### Task instructions
Could you restate the data below word for word, without its pictures?

BEGIN Records provided

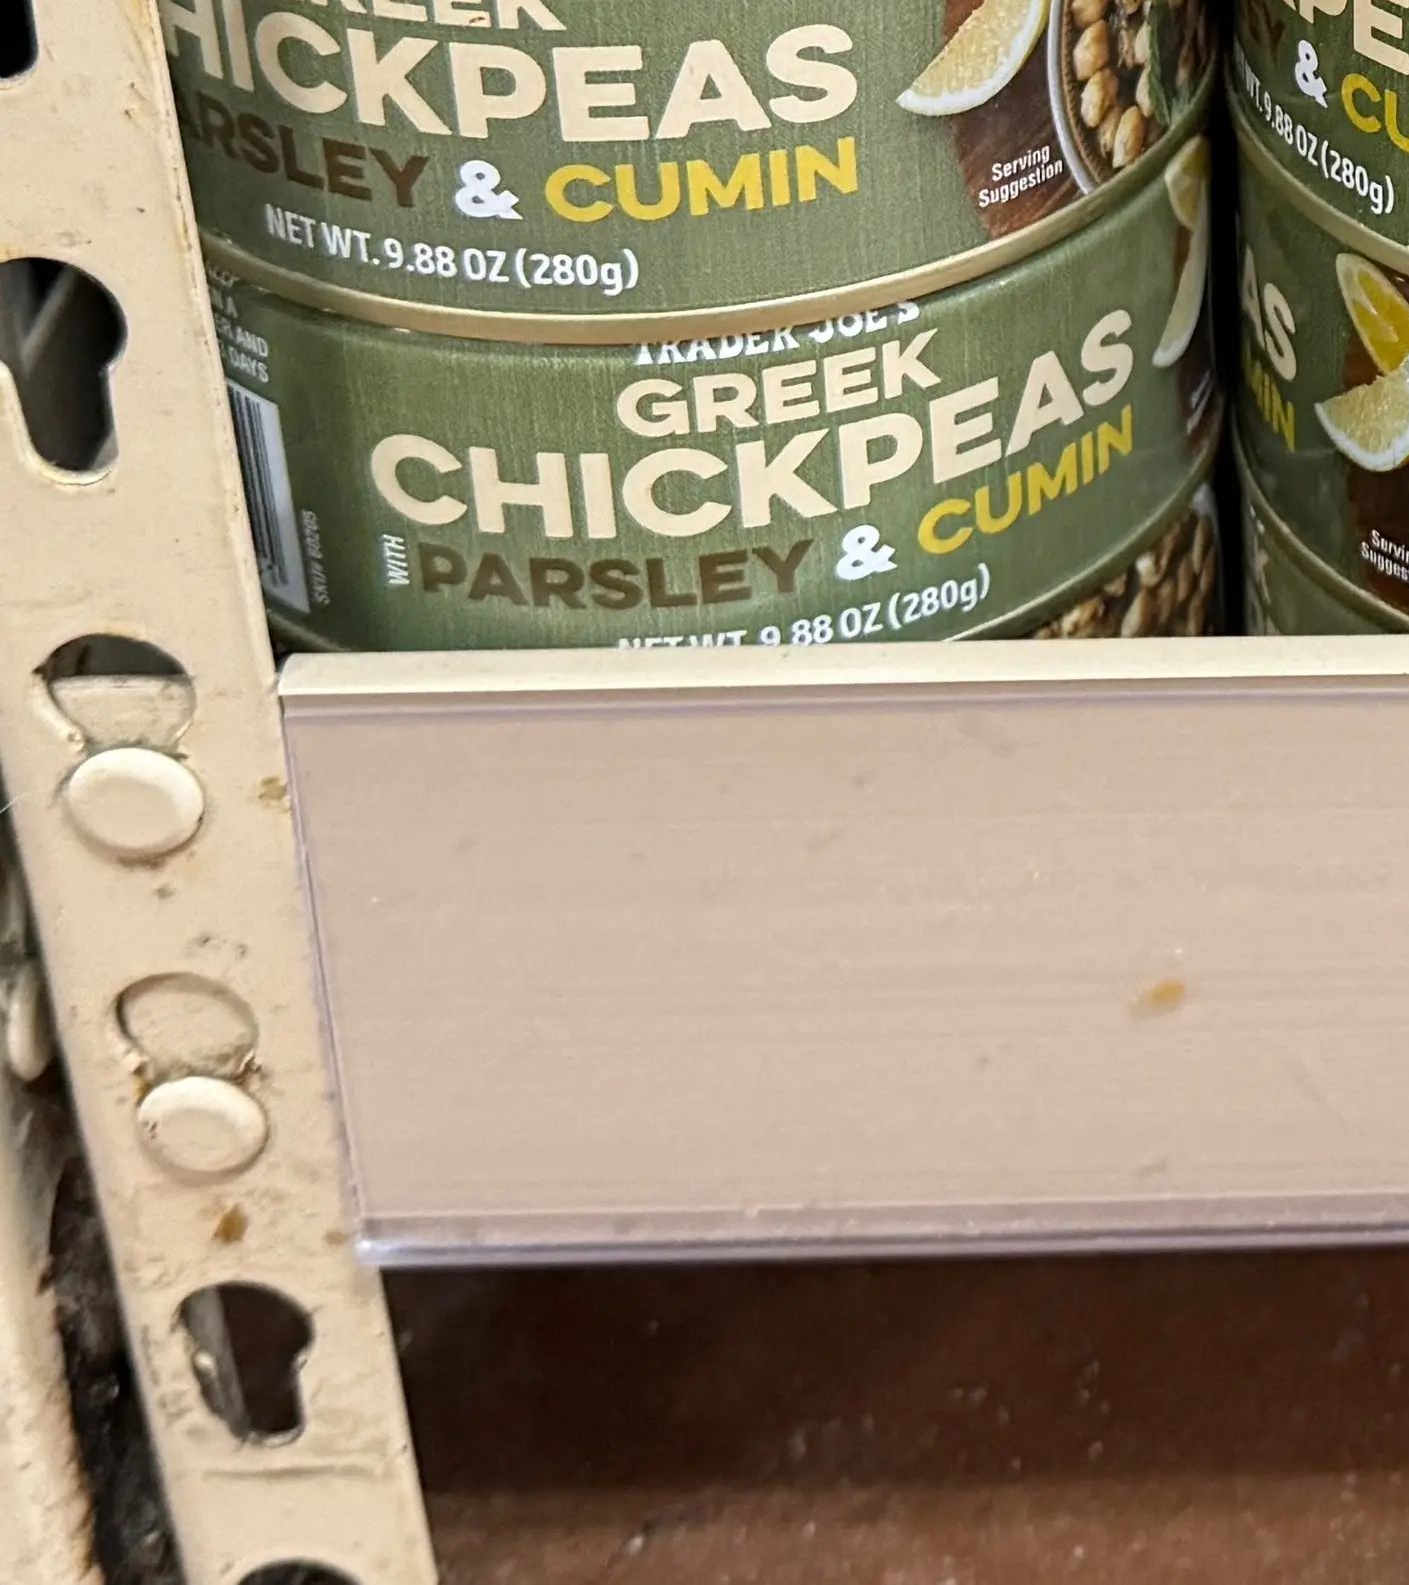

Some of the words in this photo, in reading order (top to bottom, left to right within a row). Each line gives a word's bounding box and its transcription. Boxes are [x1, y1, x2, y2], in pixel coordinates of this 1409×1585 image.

[1293, 39, 1328, 108] &
[453, 159, 523, 220] &
[543, 135, 859, 223] CUMIN
[978, 157, 1064, 208] Suggestion
[991, 144, 1051, 182] Serving
[1320, 145, 1395, 215] (280g)
[264, 202, 317, 249] NET
[320, 222, 380, 267] WT.
[383, 228, 455, 278] 9.88
[463, 244, 510, 285] OZ
[514, 247, 640, 297] (280g)
[616, 327, 941, 439] GREEK
[371, 309, 1133, 540] CHICKPEAS
[417, 538, 814, 611] PARSLEY
[835, 524, 899, 581] &
[915, 403, 1134, 555] CUMIN
[381, 534, 405, 586] WITH
[840, 603, 883, 639] OZ
[888, 562, 991, 630] (280g)
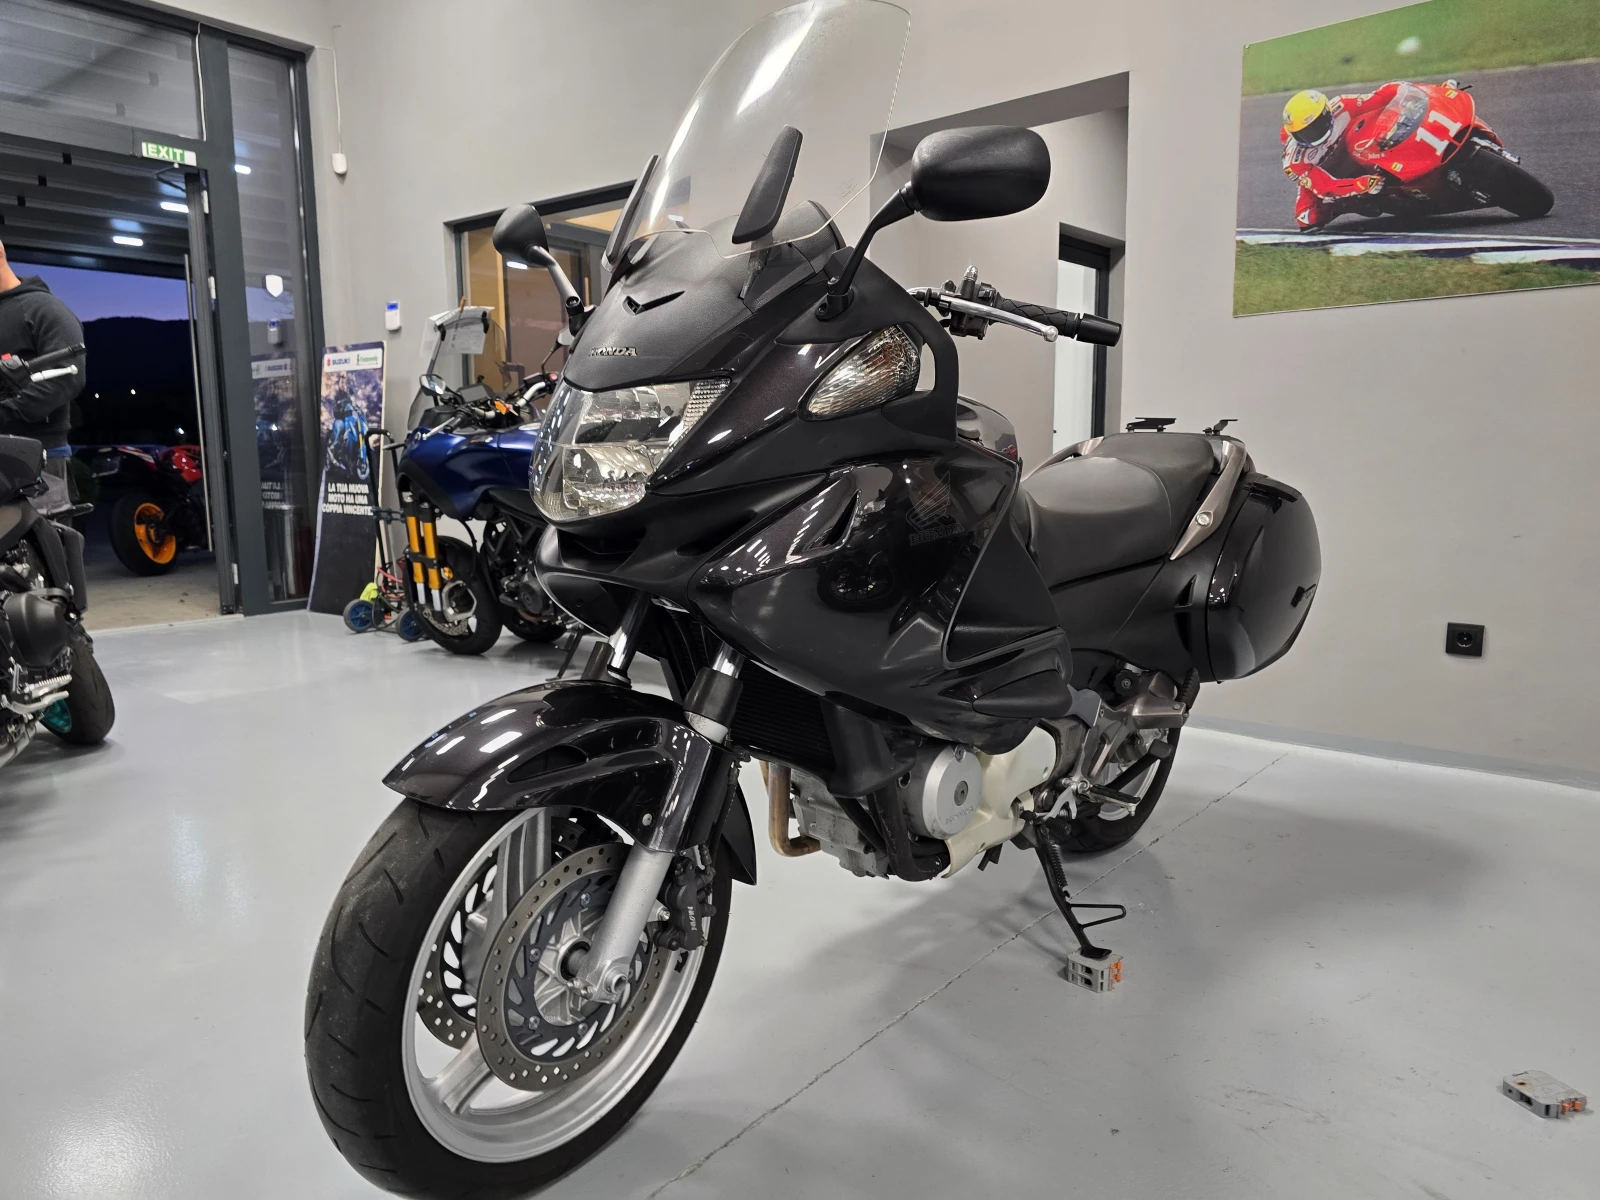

END Records provided

### Answer box
Some of the words in this photo, in reading order (top to bottom, left to right within a row). Each line gives a word's bounding box and its transcription. Boxes are [x1, y1, x2, y2], in pixel coordinates of this 1409×1585 image.

[1293, 39, 1328, 108] &
[453, 159, 523, 220] &
[543, 135, 859, 223] CUMIN
[978, 157, 1064, 208] Suggestion
[991, 144, 1051, 182] Serving
[1320, 145, 1395, 215] (280g)
[264, 202, 317, 249] NET
[320, 222, 380, 267] WT.
[383, 228, 455, 278] 9.88
[463, 244, 510, 285] OZ
[514, 247, 640, 297] (280g)
[616, 327, 941, 439] GREEK
[371, 309, 1133, 540] CHICKPEAS
[417, 538, 814, 611] PARSLEY
[835, 524, 899, 581] &
[915, 403, 1134, 555] CUMIN
[381, 534, 405, 586] WITH
[840, 603, 883, 639] OZ
[888, 562, 991, 630] (280g)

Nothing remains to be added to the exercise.